Monday, April 19, 2010

I am not short

The following is an email sent on April 17th to my "adventure list." Email me if you want to be on it and you're not already.

Greetings friends, family, and fellow adventurers from a balcony in Hue Viet Nam!

Since my travels will hopefully last a good year or so, the plan is to send an email once a month to my "adventure list" (that's you) to share some stories, ask for input on next steps, and remind you that for more info on my adventures you can always check out the blog:

I left Jackson on March 16th at sunrise. I landed in Bangkok well after sunset on March 17th. My St. Patrick's Day was considerably shorter than I would have preferred, but the ticket price was worth the sacrifice. I recovered from jetlag in the company of a family friend who lives outside of the city, who was quite generous in her hospitality (and being from the hospitality state, I know these kinds of things). My general route from Bangkok was south to the beach, then double-header overnight trains to the north of Thailand before crossing over into Laos and down the Mekong.
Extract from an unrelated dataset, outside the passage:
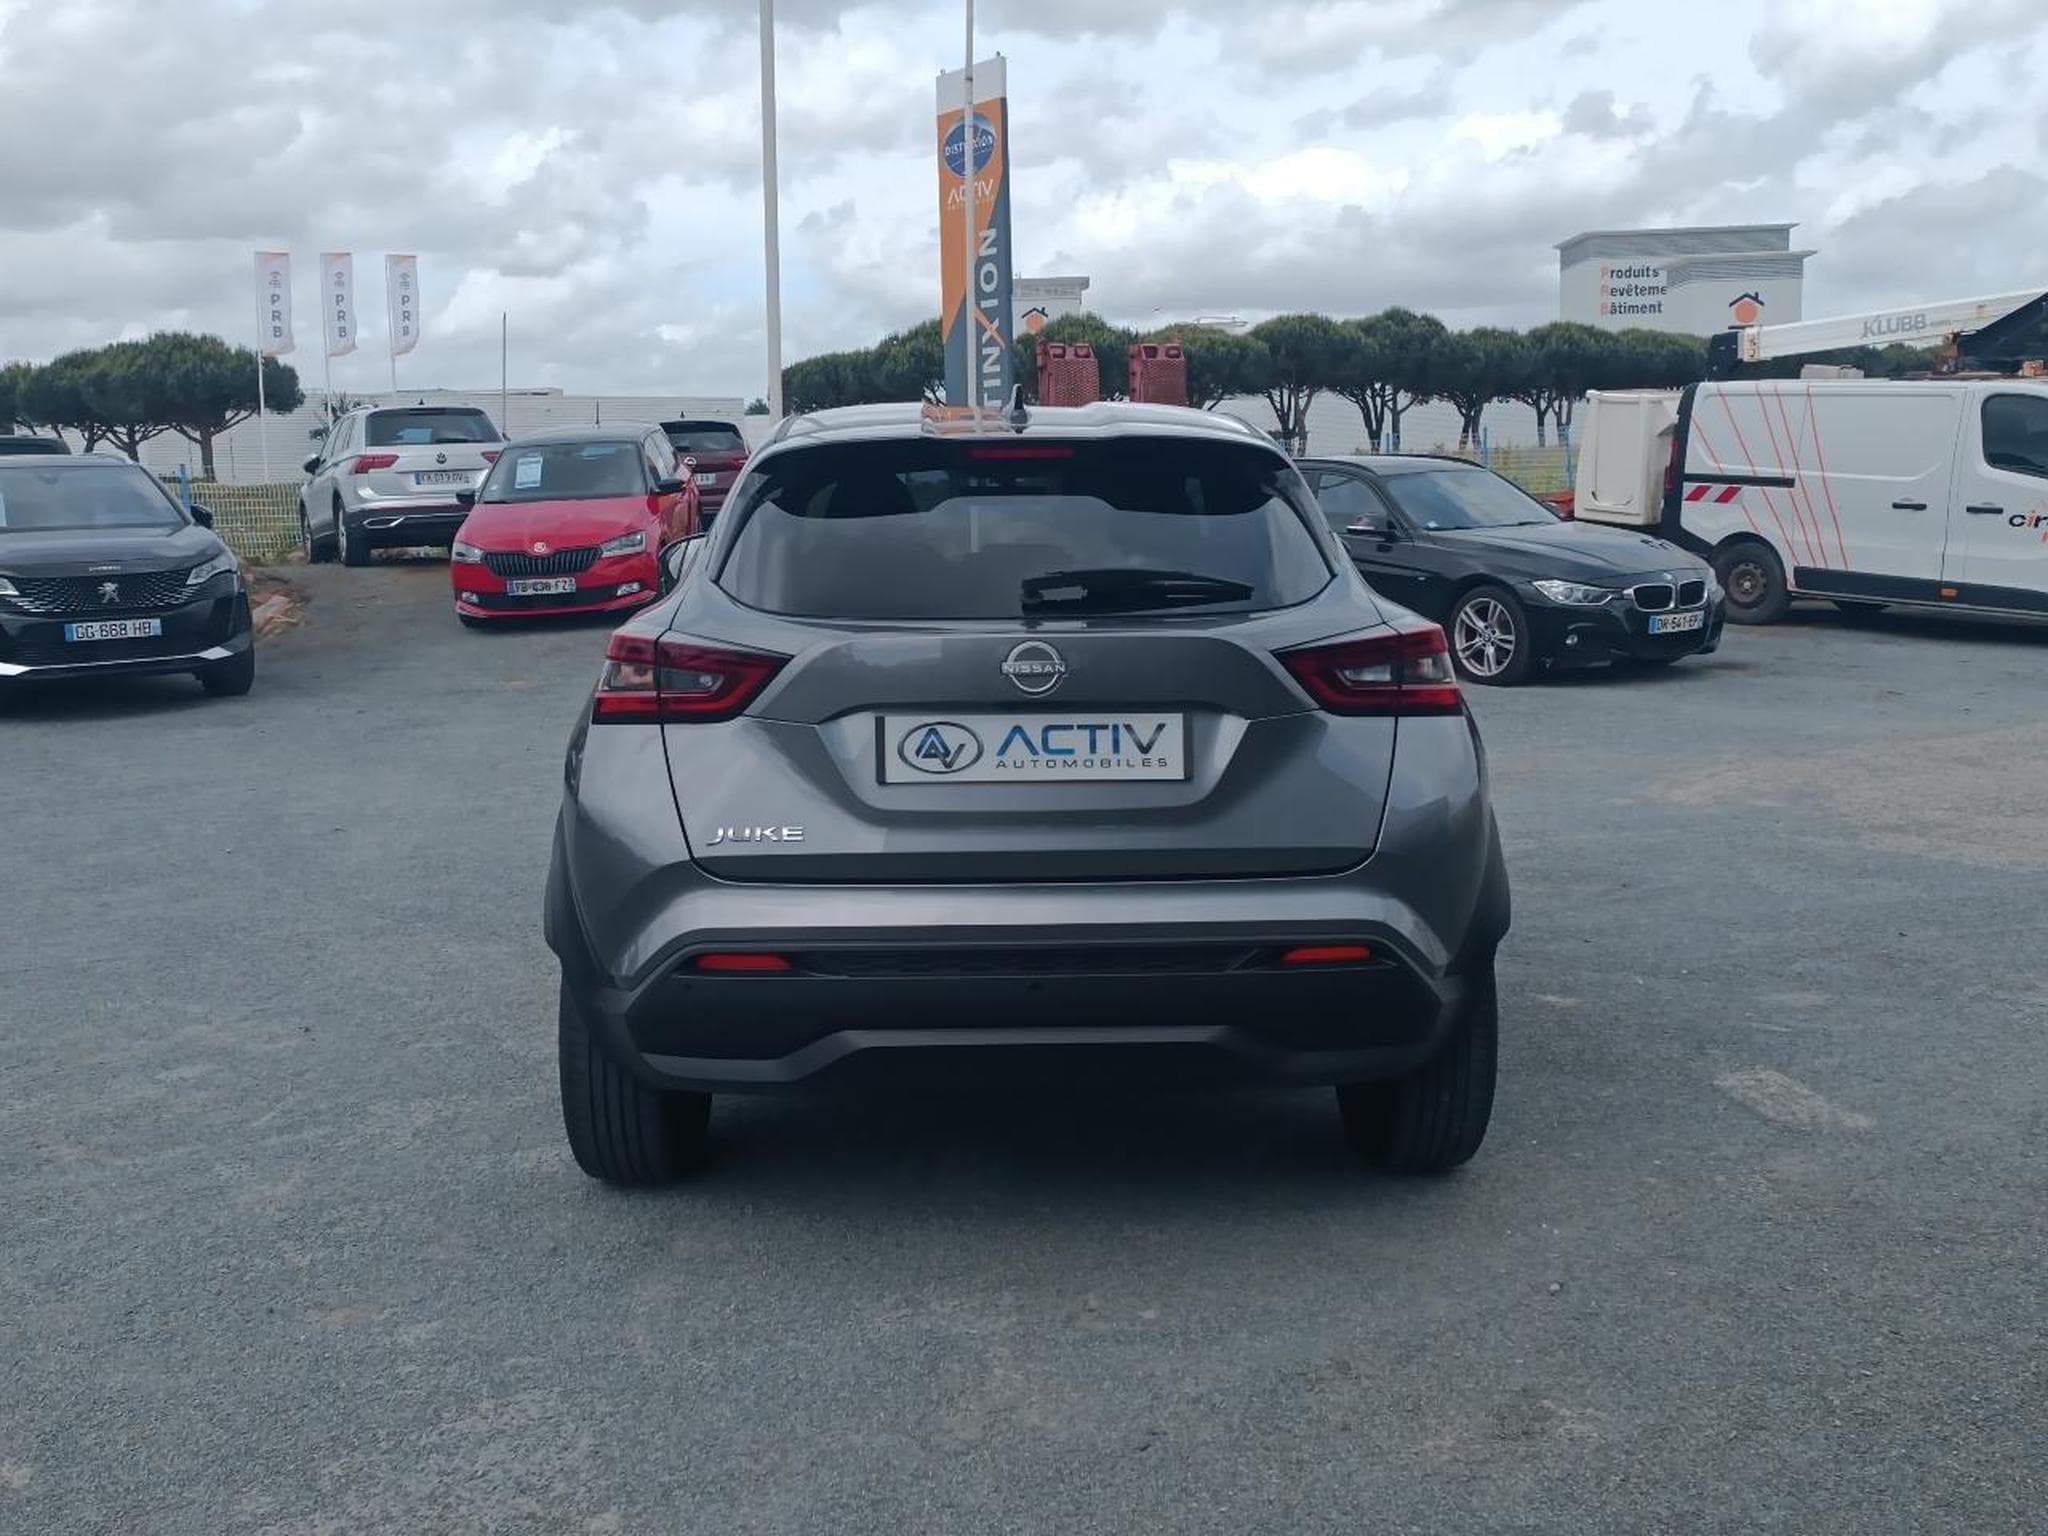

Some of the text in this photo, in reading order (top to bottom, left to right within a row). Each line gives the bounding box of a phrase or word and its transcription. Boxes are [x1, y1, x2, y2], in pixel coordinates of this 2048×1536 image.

From Vientiane I flew to Hanoi to meet up with a DC friend, Sarah aka the Shaman, and we're currently working our way south to Saigon and then over to Cambodia. It'd be impossible to share with you everything, so I'll just give a cliffnotes version of some of my blog entries:
  • I am approximately twice the size of the average Asian. It's a good thing I don't have a body-image problem because this place would certainly aggrevate it. It does, however, make for comical transportation situations - like the time the Vietnamese man wanted to sit in my lap for a 4 hour journey, or the train where I couldn't even crawl on my hands and knees in my bunk, or the public bus where I had to "stand" in the aisle but the ceiling of the bus was maybe 5'5" and I'm 5'10".
  • The scenery is unreal. From limestone cliffs that drop right into the ocean, floating down the Mekong, cruising through Ha Long Bay, to exploring caves that could fit a full-size rugby pitch. It's a wild place (and becoming less and less so these days) and amazing to explore. I have much more to say on conservation and environmental issues, but I'll leave that note for personal conversations.
  • My math skills are going to be stellar when I get back. Forget NCLB, we should just send kids abroad and give them a wad of cash and see how long they make it. It was $1 USD for 31 Thai Baht for 8,400 Lao Kip, and 18,500 Vietnamese Dong. I still think it all looks like Monopoly money. I did, however, pay someone one million dong (roughly $50) the other day though and I felt like I was in the mafia.
  • Asian toilets. It's like those puzzles in third grade where you're given 3 objects and a task you're supposed to complete. Here it's a hole that looks kind of like a squashed toilet, a bucket of water, and a hose. No flush button, no toilet paper. Yeah, it took me about a week to figure it out.
  • A Vespa is a family-friendly vehicle. Yes, if only my parents had visited Vietnam before they bought that station wagon, all of our family trips could have been carried out on a Vespa. I indeed saw a family of five riding a Vespa (seemingly comfortably) in Hanoi.

I return to the States in mid-May and set off on my wedding-palooza road trip. Roughly I'll be taking the East Coast by storm in late May and June and then the West Coast in July and August. I'm still scheming up ideas for the Fall so if you're off to somewhere wonderful, or have a great idea - let me know!

Hope all is well wherever this may find you.